*Problem description:*
I'd ask you to write out the lines below exactly, with no images.

===== Data shown =====

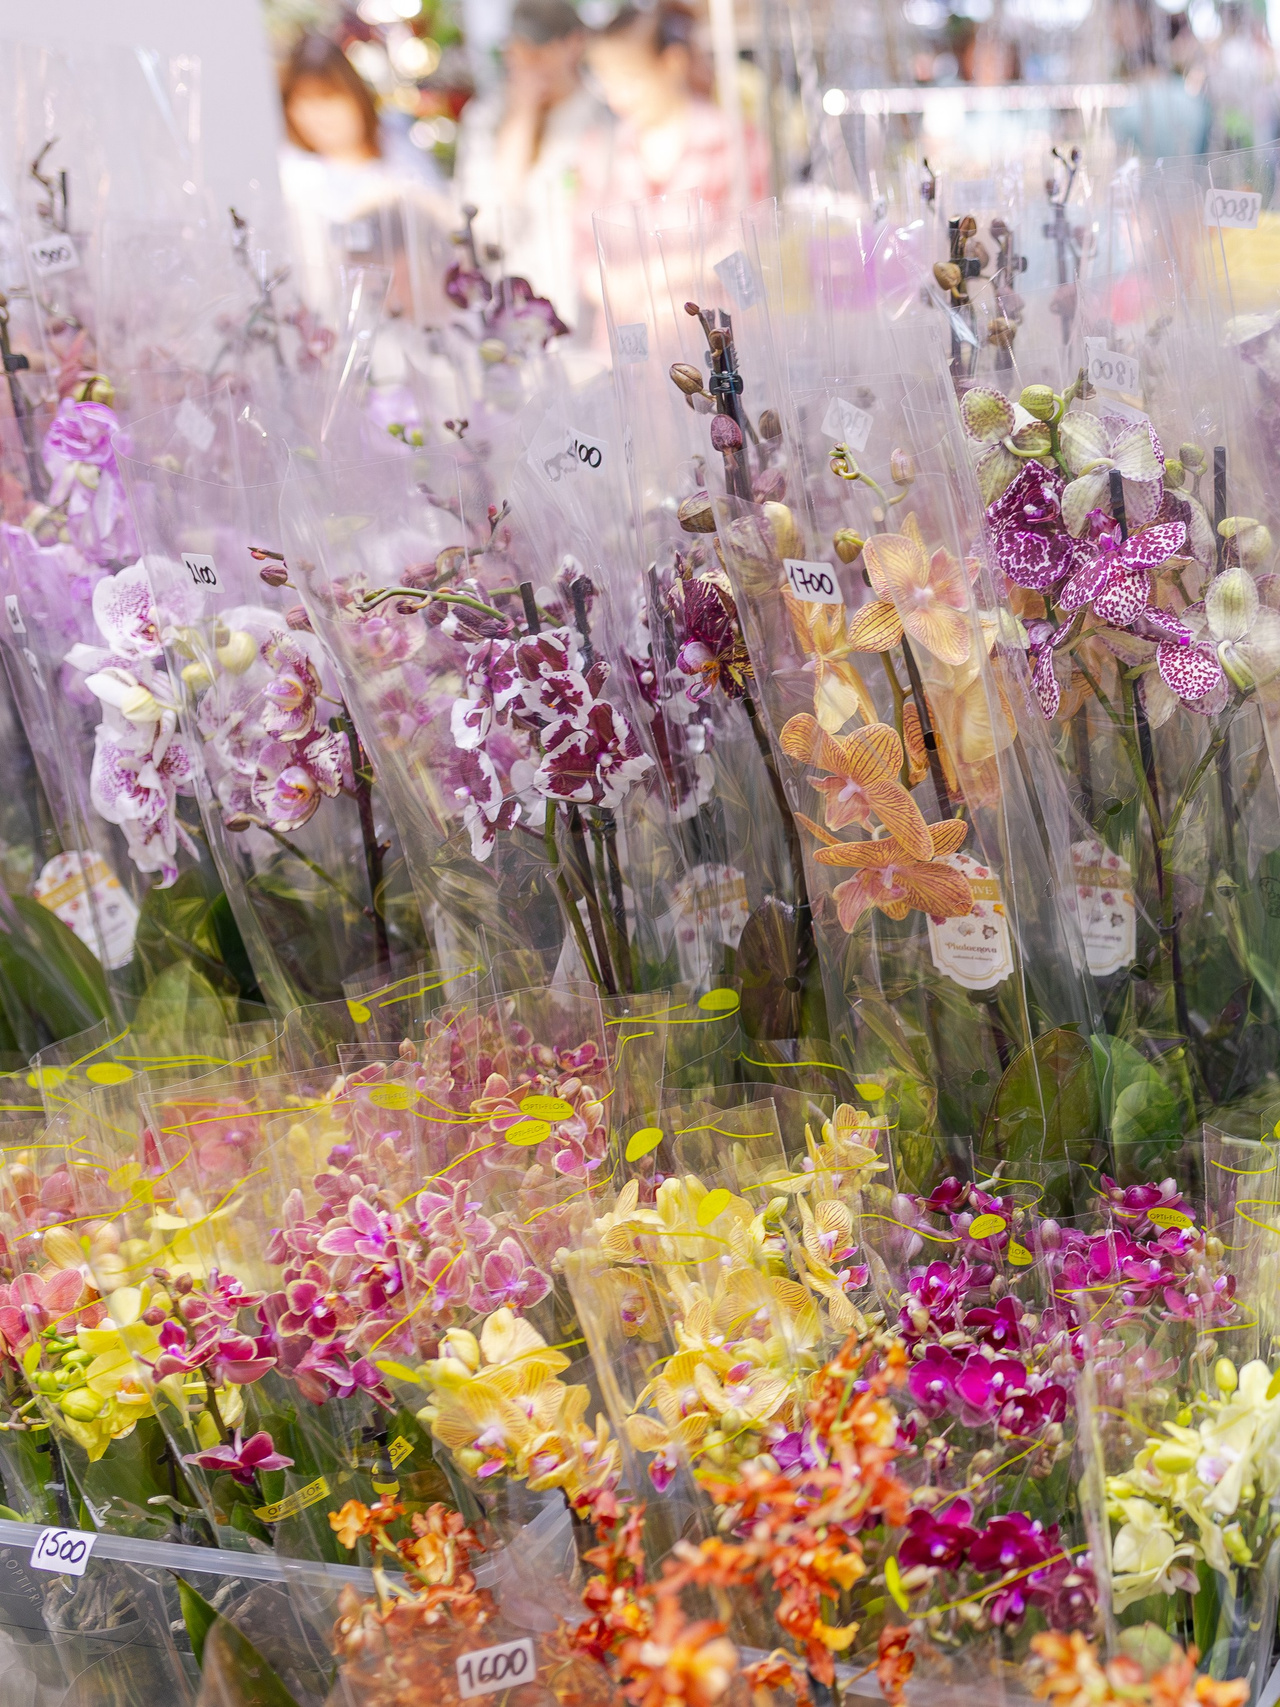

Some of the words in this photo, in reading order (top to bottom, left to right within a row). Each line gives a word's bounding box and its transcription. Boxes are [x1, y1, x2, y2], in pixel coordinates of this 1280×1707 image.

[790, 565, 834, 596] 1700
[37, 1530, 87, 1564] 1500
[461, 1648, 529, 1690] 1600
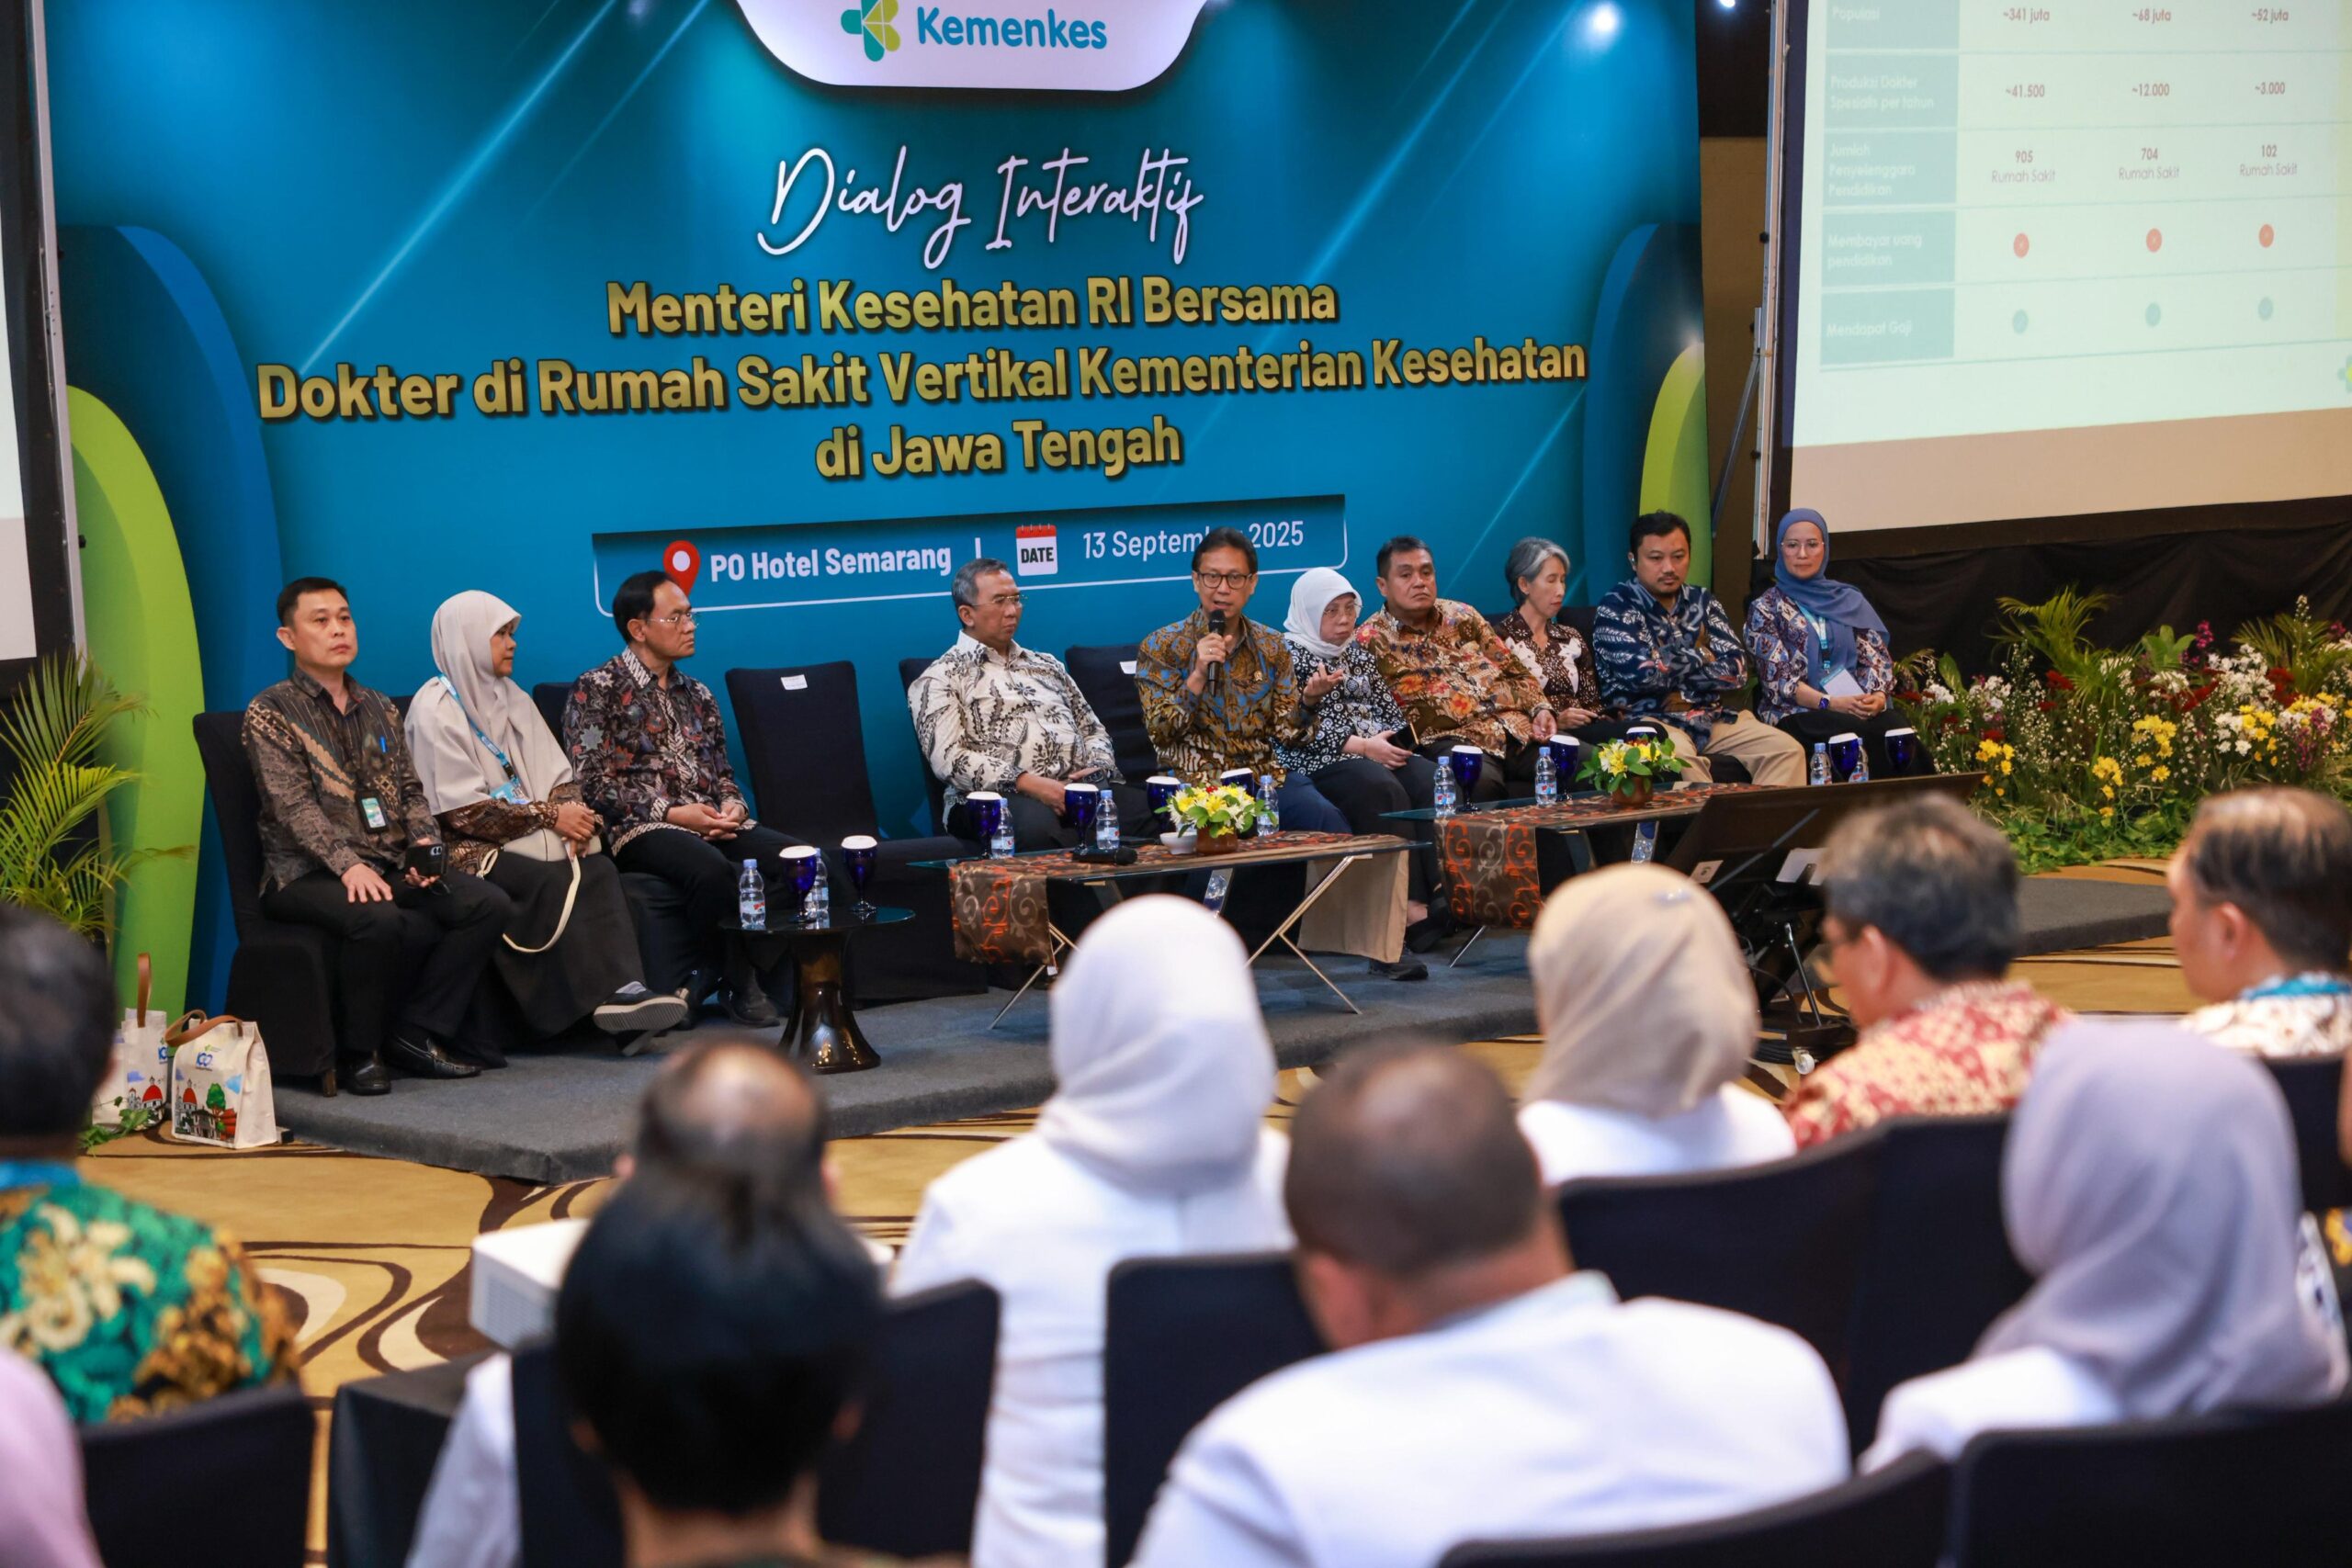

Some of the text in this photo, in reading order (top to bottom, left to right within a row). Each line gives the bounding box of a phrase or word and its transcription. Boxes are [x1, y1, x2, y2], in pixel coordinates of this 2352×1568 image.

[2030, 8, 2050, 24] juta
[2152, 9, 2171, 24] juta
[2269, 9, 2289, 24] juta
[918, 7, 1107, 50] Kemenkes
[1881, 97, 1899, 112] per
[1902, 96, 1934, 110] tahun
[1829, 141, 1871, 157] Jumlah
[2142, 148, 2158, 161] 704
[2261, 144, 2277, 157] 102
[2015, 151, 2033, 164] 905
[1992, 170, 2055, 183] Rumah Sakit
[2119, 166, 2179, 180] Rumah Sakit
[2240, 163, 2297, 177] Rumah Sakit
[757, 145, 1204, 269] Dialog Interaktif
[1827, 233, 1923, 250] Membayar uang
[1827, 253, 1893, 270] pendidikan
[606, 277, 1338, 334] Menteri Kesehatan RI Bersama
[1888, 320, 1912, 337] Gaji
[257, 337, 1586, 419] Dokter di Rumah Sakit Vertikal Kementerian Kesehatan
[815, 415, 1182, 478] di Jawa Tengah
[1083, 521, 1304, 562] 13 Septem 2025
[1021, 547, 1054, 564] DATE
[710, 547, 951, 582] PO Hotel Semarang

=====

*Output of the exercise:*
Some of the words in this photo, in reading order (top to bottom, left to right within a row). Each line gives a word's bounding box and its transcription. Boxes are [x1, y1, x2, y2], in pixel coordinates of this 1280×1707 image.

[790, 565, 834, 596] 1700
[37, 1530, 87, 1564] 1500
[461, 1648, 529, 1690] 1600

Some of the text in this photo, in reading order (top to bottom, left to right within a row). Each line gives the bounding box of a phrase or word and its transcription. Boxes are [x1, y1, x2, y2], in pixel coordinates of this 2352×1568 image.

[2030, 8, 2050, 24] juta
[2152, 9, 2171, 24] juta
[2269, 9, 2289, 24] juta
[918, 7, 1107, 50] Kemenkes
[1881, 97, 1899, 112] per
[1902, 96, 1934, 110] tahun
[1829, 141, 1871, 157] Jumlah
[2142, 148, 2158, 161] 704
[2261, 144, 2277, 157] 102
[2015, 151, 2033, 164] 905
[1992, 170, 2055, 183] Rumah Sakit
[2119, 166, 2179, 180] Rumah Sakit
[2240, 163, 2297, 177] Rumah Sakit
[757, 145, 1204, 269] Dialog Interaktif
[1827, 233, 1923, 250] Membayar uang
[1827, 253, 1893, 270] pendidikan
[606, 277, 1338, 334] Menteri Kesehatan RI Bersama
[1888, 320, 1912, 337] Gaji
[257, 337, 1586, 419] Dokter di Rumah Sakit Vertikal Kementerian Kesehatan
[815, 415, 1182, 478] di Jawa Tengah
[1083, 521, 1304, 562] 13 Septem 2025
[1021, 547, 1054, 564] DATE
[710, 547, 951, 582] PO Hotel Semarang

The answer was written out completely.